So long as no pictures are carried over, output the records below exactly.

=====

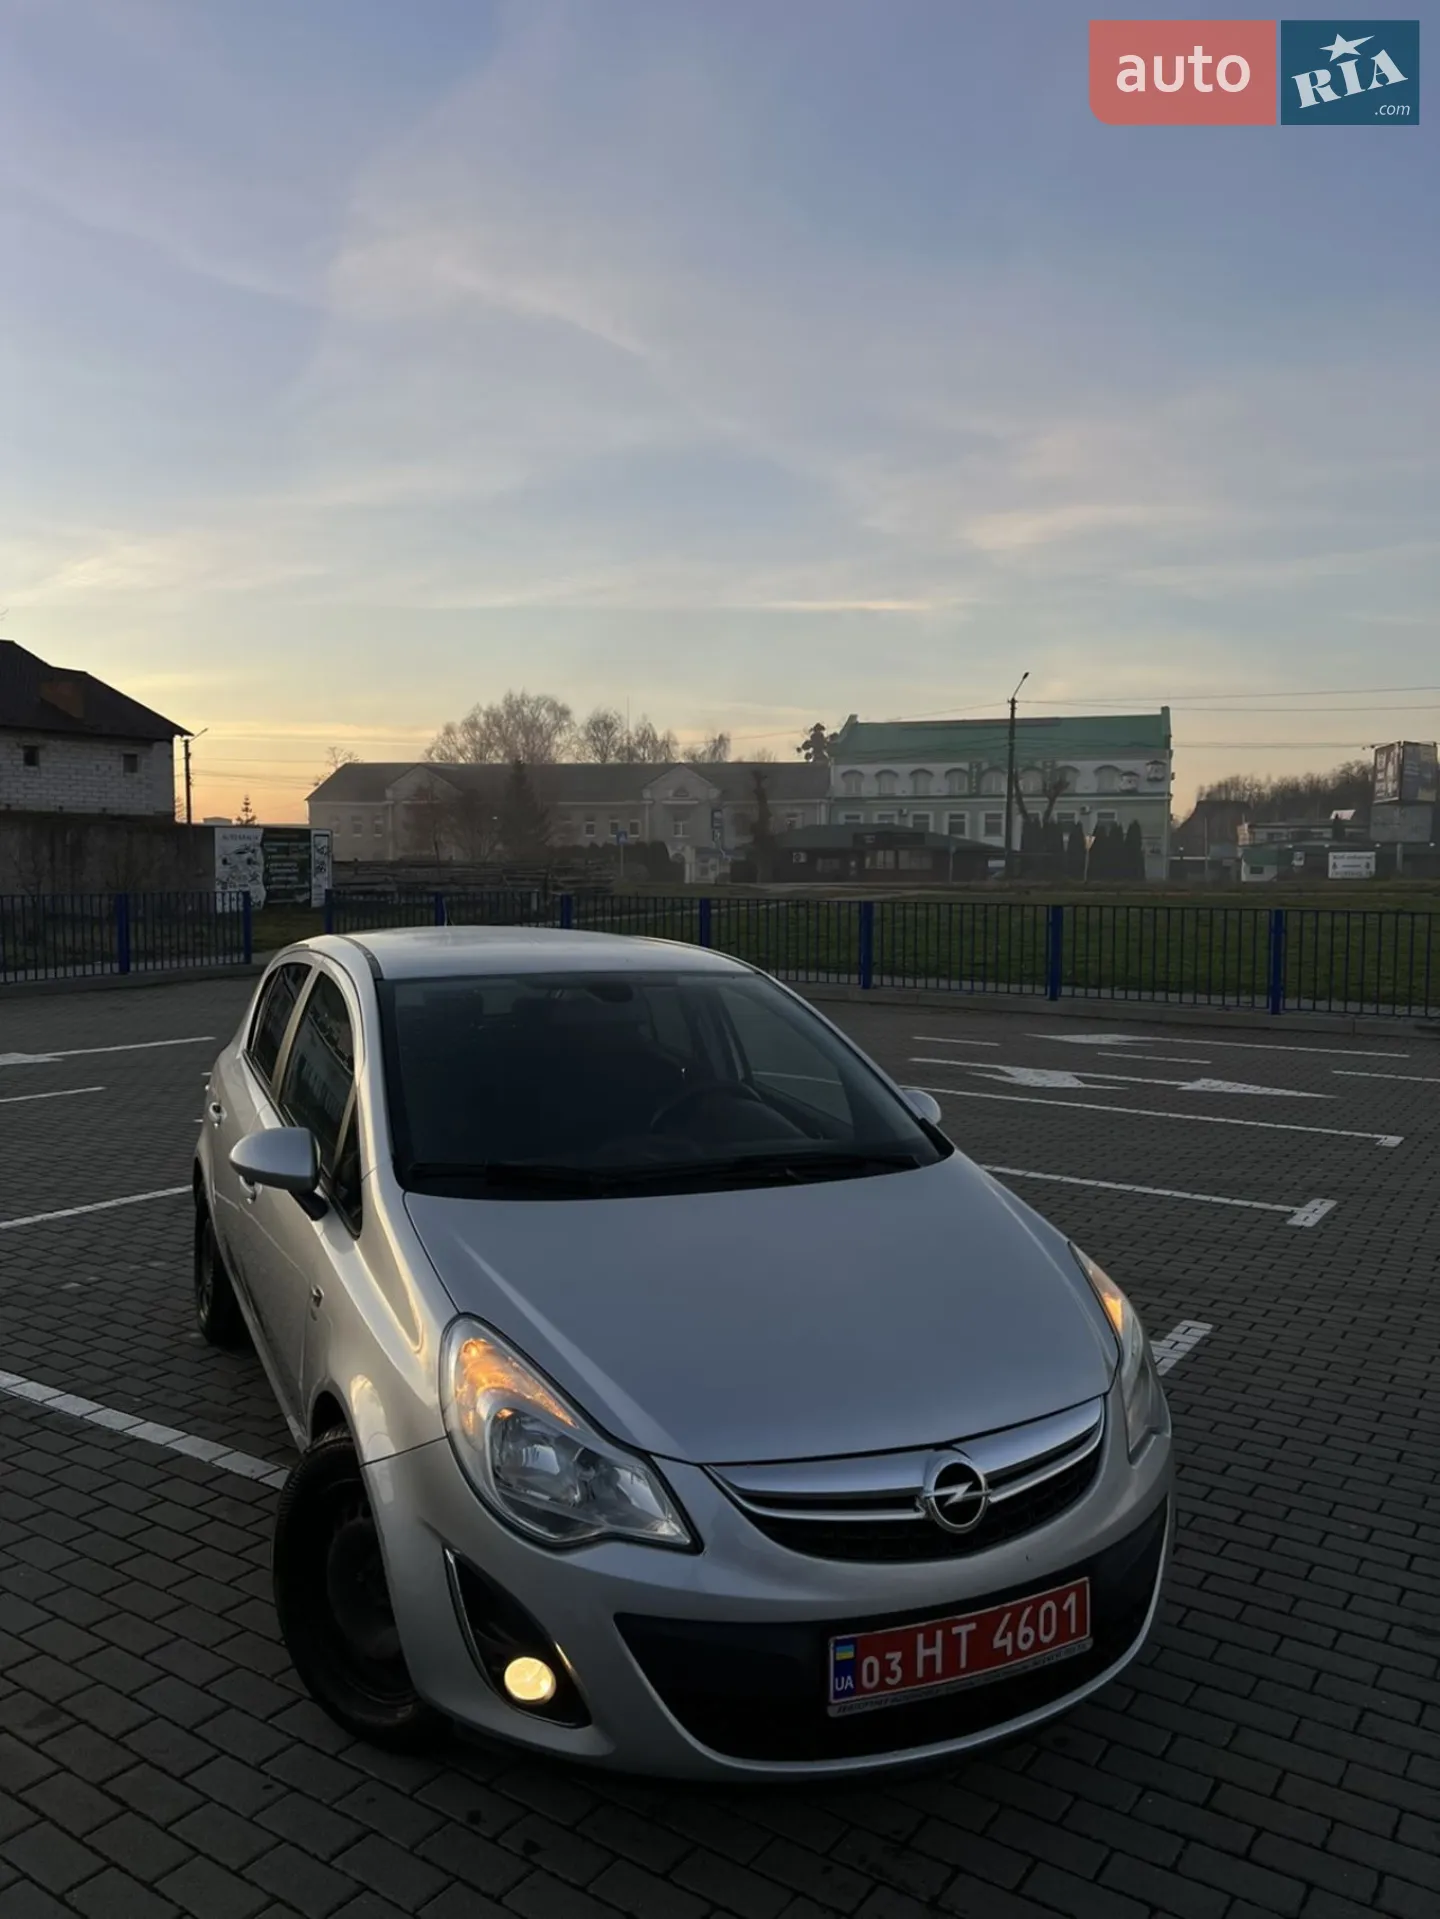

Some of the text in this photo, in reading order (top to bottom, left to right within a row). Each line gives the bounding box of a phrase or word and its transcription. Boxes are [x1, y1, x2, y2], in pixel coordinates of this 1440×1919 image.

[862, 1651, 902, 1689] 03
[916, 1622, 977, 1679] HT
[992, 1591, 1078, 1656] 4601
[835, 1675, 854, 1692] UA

=====

- **Task answer**:
Some of the text in this photo, in reading order (top to bottom, left to right within a row). Each line gives the bounding box of a phrase or word and its transcription. Boxes are [x1, y1, x2, y2], in pixel coordinates of this 1440×1919 image.

[862, 1651, 902, 1689] 03
[916, 1622, 977, 1679] HT
[992, 1591, 1078, 1656] 4601
[835, 1675, 854, 1692] UA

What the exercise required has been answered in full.